• **Task brief**
Since only the written part is wanted, repeat the records exactly and omit the pictures.

• **Input material**
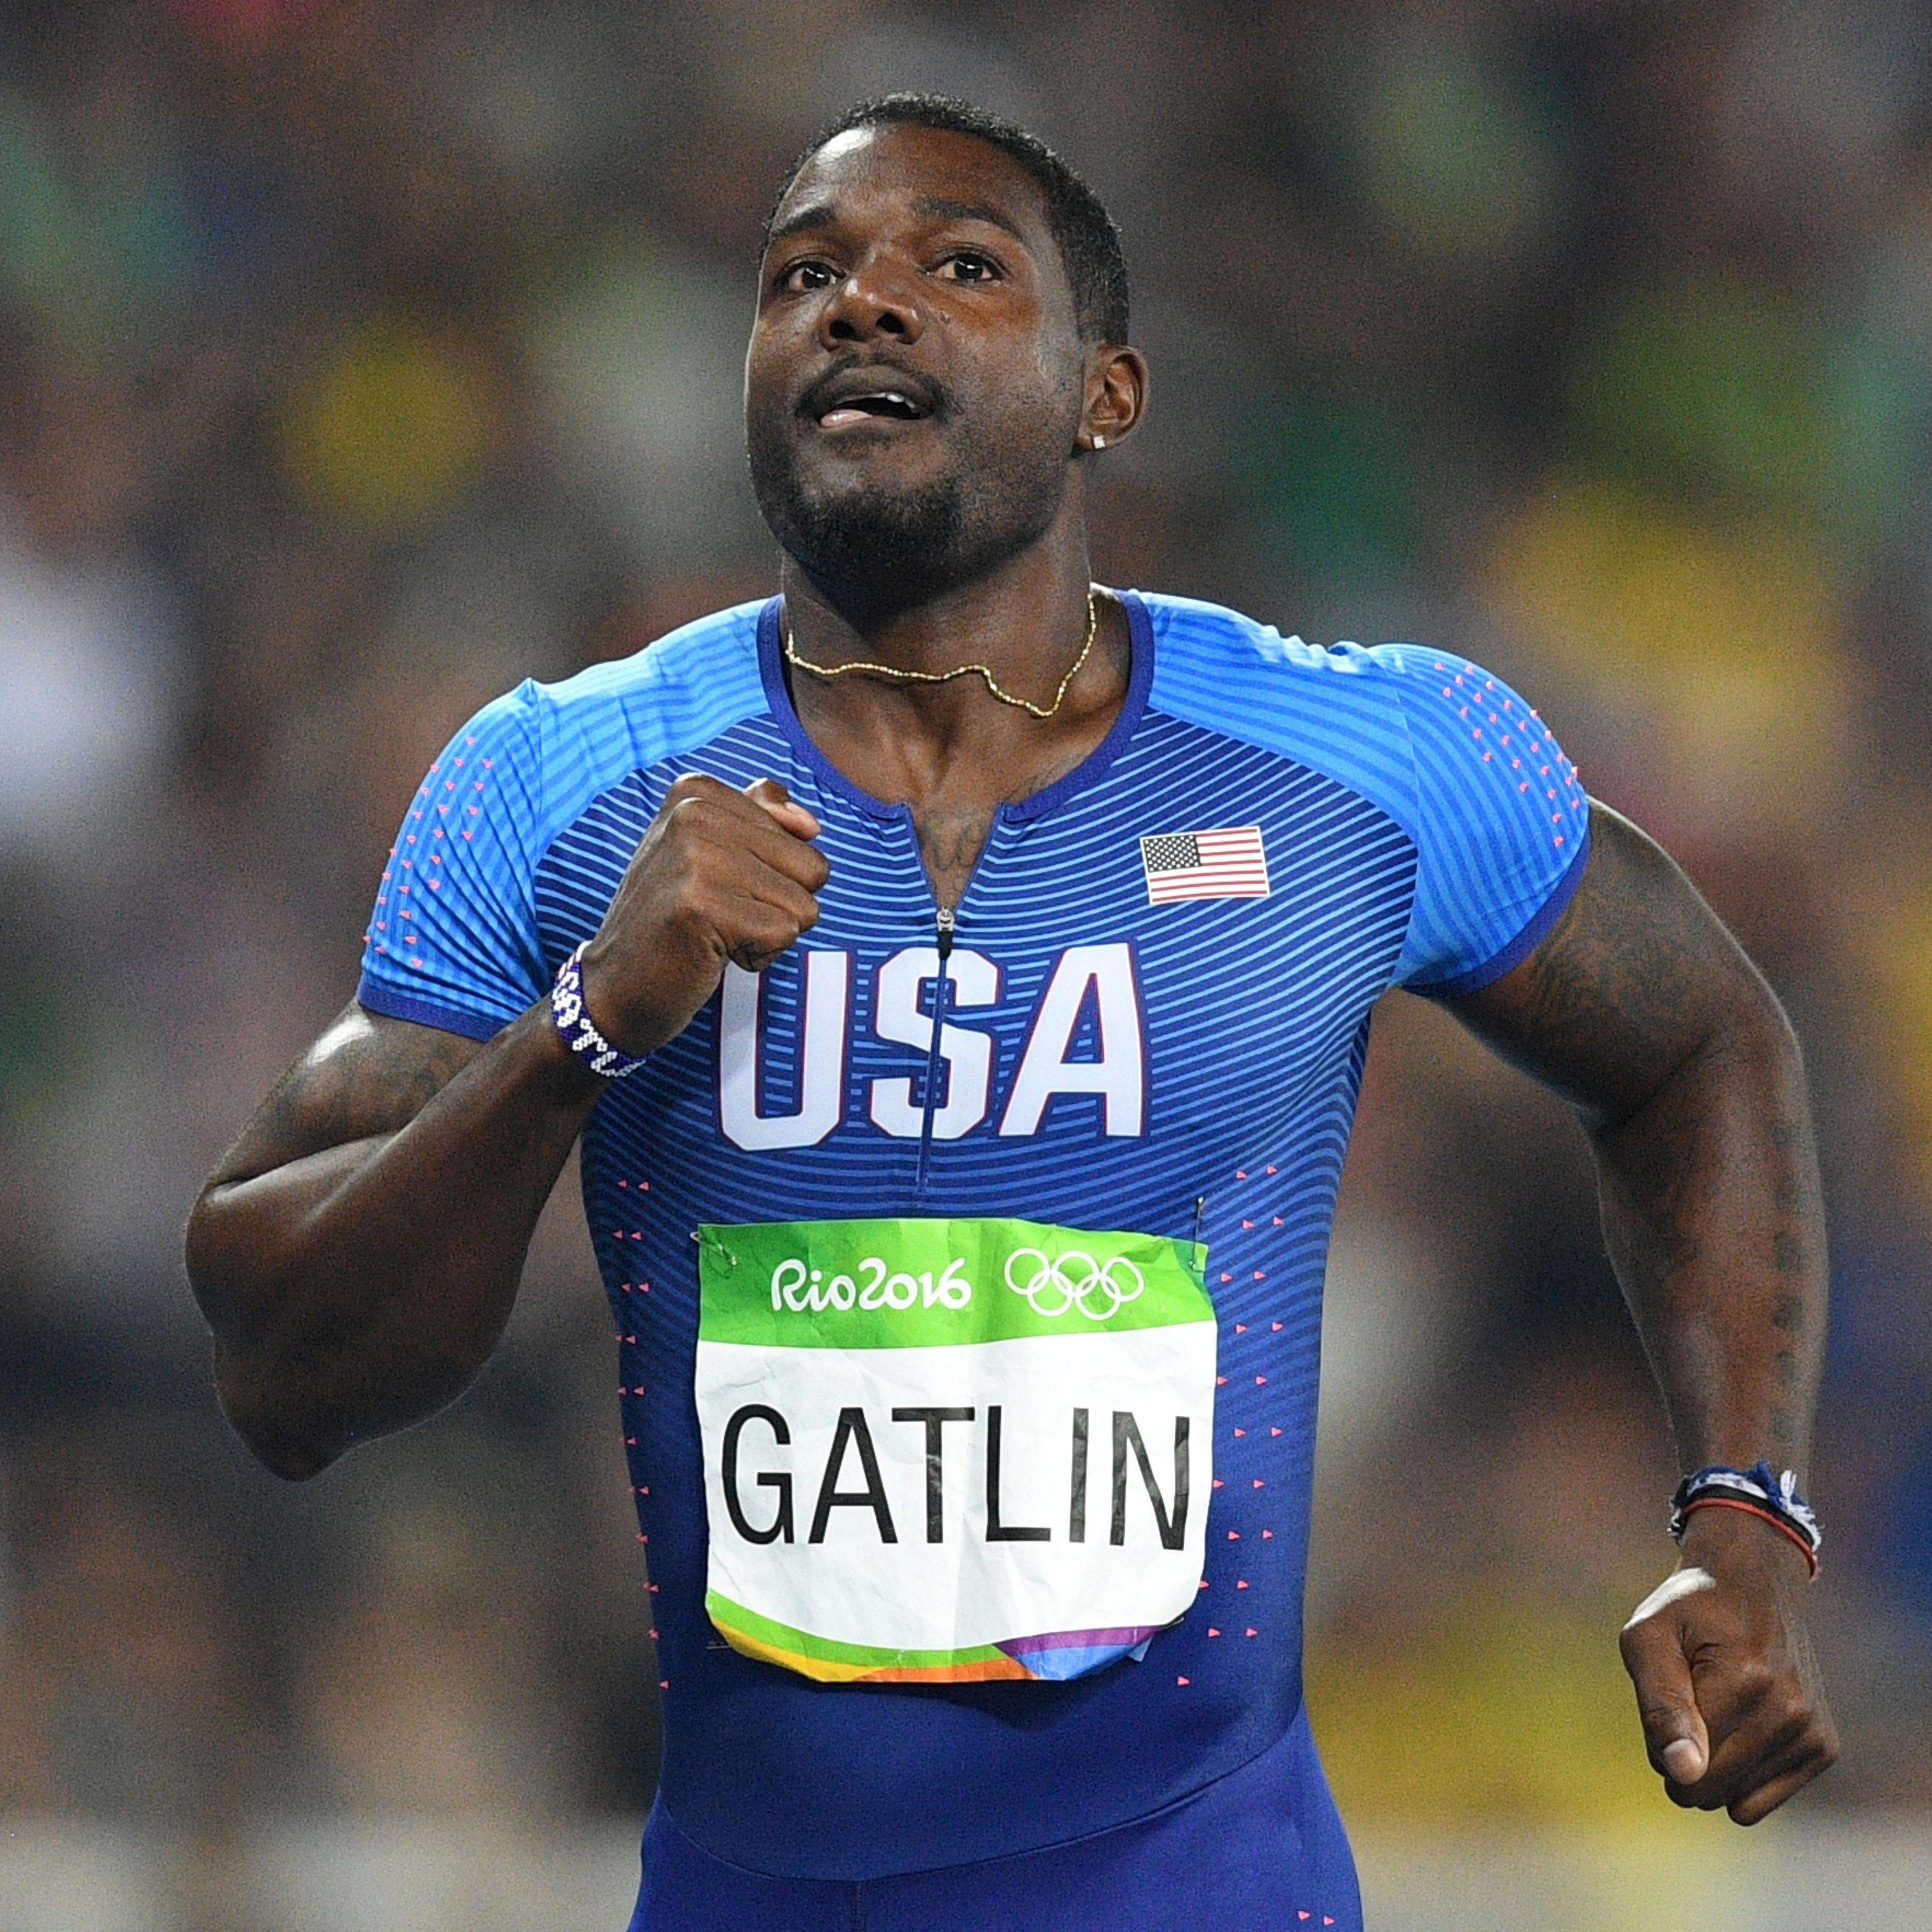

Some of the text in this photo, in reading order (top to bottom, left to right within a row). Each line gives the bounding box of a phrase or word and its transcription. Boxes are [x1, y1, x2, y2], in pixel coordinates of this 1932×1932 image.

[719, 942, 1144, 1151] USA
[771, 1257, 972, 1312] Rio2016
[721, 1404, 1190, 1551] GATLIN
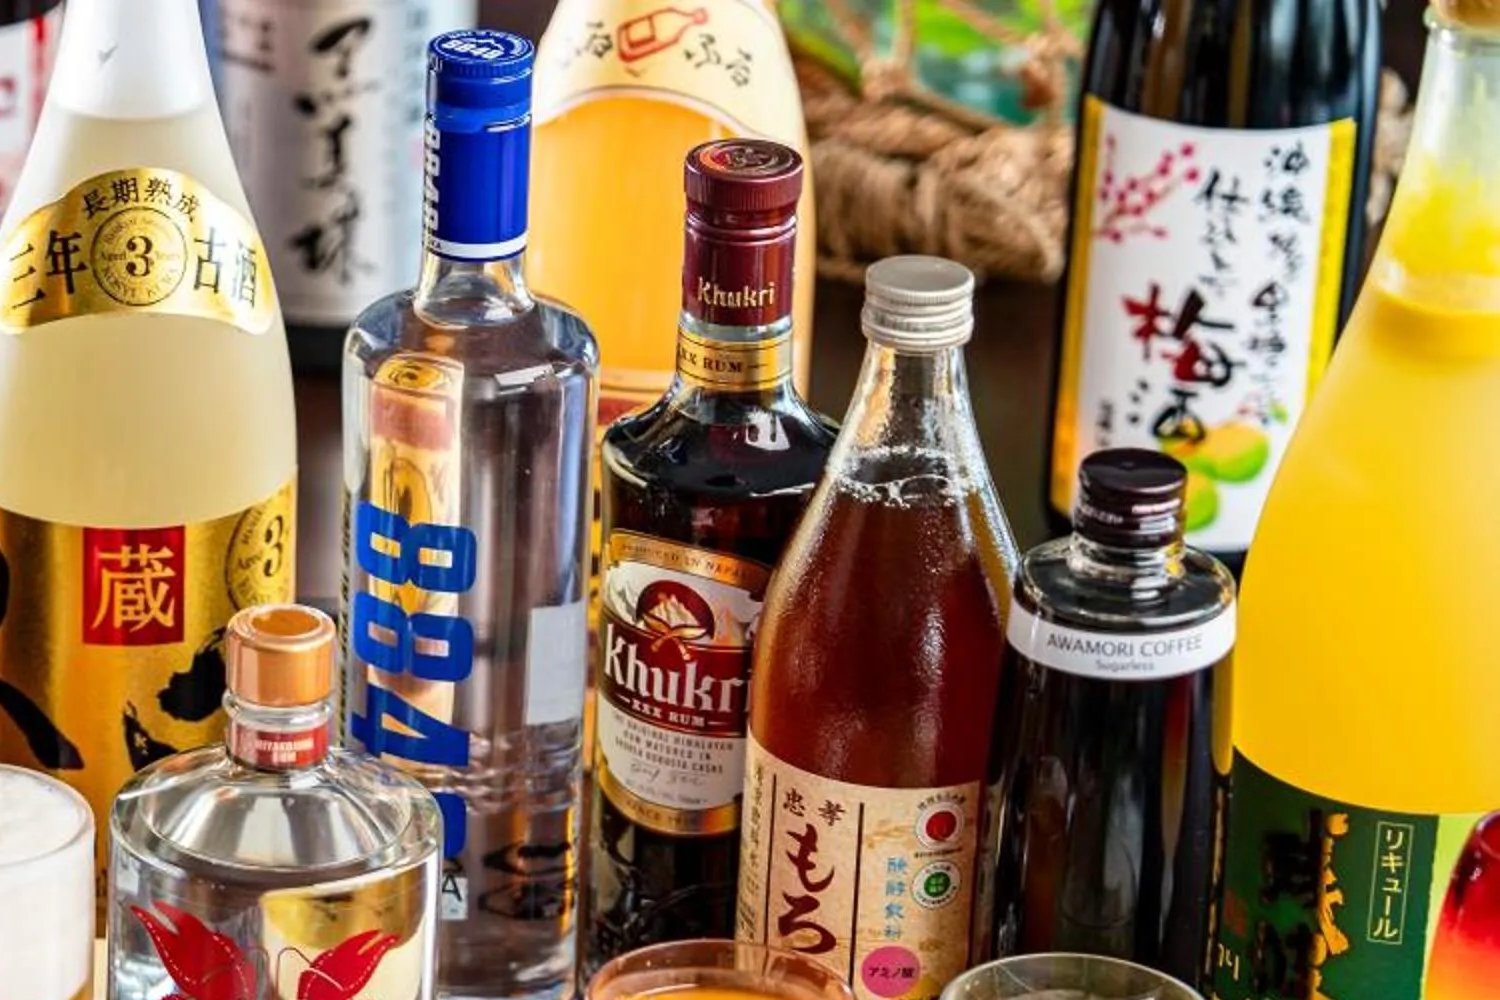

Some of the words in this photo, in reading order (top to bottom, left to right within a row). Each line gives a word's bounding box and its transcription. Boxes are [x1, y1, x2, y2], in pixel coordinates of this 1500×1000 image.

• **Answer to the exercise**
Some of the text in this photo, in reading order (top to bottom, left to right within a row). Each line gives the bounding box of a phrase or word and its transcription. Boxes are [x1, y1, x2, y2], in pixel coordinates of this 1932×1932 image.

[719, 942, 1144, 1151] USA
[771, 1257, 972, 1312] Rio2016
[721, 1404, 1190, 1551] GATLIN

Some of the words in this photo, in reading order (top to bottom, left to right within a row). Each line gives a word's bounding box and its transcription. Boxes are [x1, y1, x2, y2], in pixel coordinates of this 1500×1000 image.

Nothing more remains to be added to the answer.